We should have the OAI-PMH service with a very basic configuration running now. You can try:

• http://my.domain/oaipmh/?verb=Identify
• http://my.domain/oaipmh/?verb=ListMetadataFormats
• http://my.domain/oaipmh/?verb=ListIdentifiers
• http://my.domain/oaipmh/?verb=ListRecords&metadataPrefix=oai_dc

As we internally store metadata in the Dublin Core schema, it was possible to use the very simple metadata format class \acdhOeaw\arche\oaipmh\metadata\DcMetadata which does not require any additional config. In real-world scenarios you will almost for sure need to prepare templates using the \acdhOeaw\arche\oaipmh\metadata\LiveCmdiMetadata class which will map your internal metadata schema into the schema you want to provide to an external aggregator. Please read this documentation and template examples used at the ACDH-CH.

Plugging in checks on the data ingestion

Now an advanced topic - plugging your own logic into the arche-core.

This is possible in two ways:

• With handlers written in PHP
  • For txBegin, txCommit and txRollback events your handler signature should be:

    function myHandler(
        string $event, 
        int $transactionId, 
        array<int> $idsOfResourcesModifiedByTheTransaction)
    ): void
    

  • For all other events (get, getMetadata, create, updateBinary, updateMetadata, delete, deleteTombstone) your handler signature should be:

    function myHandler(
        string $event,
        EasyRdf\Resource $resourceMetadata,
        ?string $pathToBinaryPayload
    ): EasyRdf\Resource
    

    and it should return the final metadata of the resource (as an EasyRdf\Resource object).

  • Handlers can break hadnling of a request by throwing an exception.

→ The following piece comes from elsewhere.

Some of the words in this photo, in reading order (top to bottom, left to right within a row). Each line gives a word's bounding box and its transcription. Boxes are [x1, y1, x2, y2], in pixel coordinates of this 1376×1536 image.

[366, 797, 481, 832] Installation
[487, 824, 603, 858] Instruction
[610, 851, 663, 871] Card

In such a case the exception code is used as HTTP response code (e.g. 400 to indicate error in data provided by a user) and exception message is provided in the response body.
  • To register such a handler:
    • Make sure its code is being loaded or autoloadable.
    • Register it in the rest.handlers section of the arche-docker-config/yaml/repo.yaml file, e.g.

      rest:
        handlers:
          create:
          - type: function
            function: myClassName::myHandler
      

  • You can search for an inspiration by looking at our handlers code and the way we registered them in the configuration.
• With handlers written in any language with AMQP support and communicating with the arche-core over an AMQP broker (e.g. the RabbitMQ).
  • The message passed to the handler is a JSON object with following properties:
    • For txBegin, txCommit and txRollback events:
      • method - event name, e.g. get, updateMetadata, etc.
      • transactionId - identifier of the transaction
      • resourceIds - array containing interal ids of repository resouced modified by this transaction (e.g. [3, 8, 125])
    • For all other events (get, getMetadata, create, updateBinary, updateMetadata, delete, deleteTombstone):
      • method - event name, e.g. get, updateMetadata, etc.
      • path - path to the resource binary content
      • URI - full resource URI, e.g. http://my.domain/api/2
      • id - numeric internal id of the resource, e.g. 2
      • metadata - RDF metadata of the resources in the application/n-triples format
  • the handler is expected to respond with a message being a JSON object containing the status field.
    • Status of 0 means handler executed successfully. In case of txBegin, txCommit and txRollback events, that is it. For other events the respons from the handler should also provide target resource’s metadata serialized in application/n-triples in the metadata property.
    • Non-0 status indicates an error. In such a case the request processing is being stopped and an error response is sent to the client with an HTTP status code equal to the status property value and the response body containing the optional message property value (if it is missing, a default error message is used).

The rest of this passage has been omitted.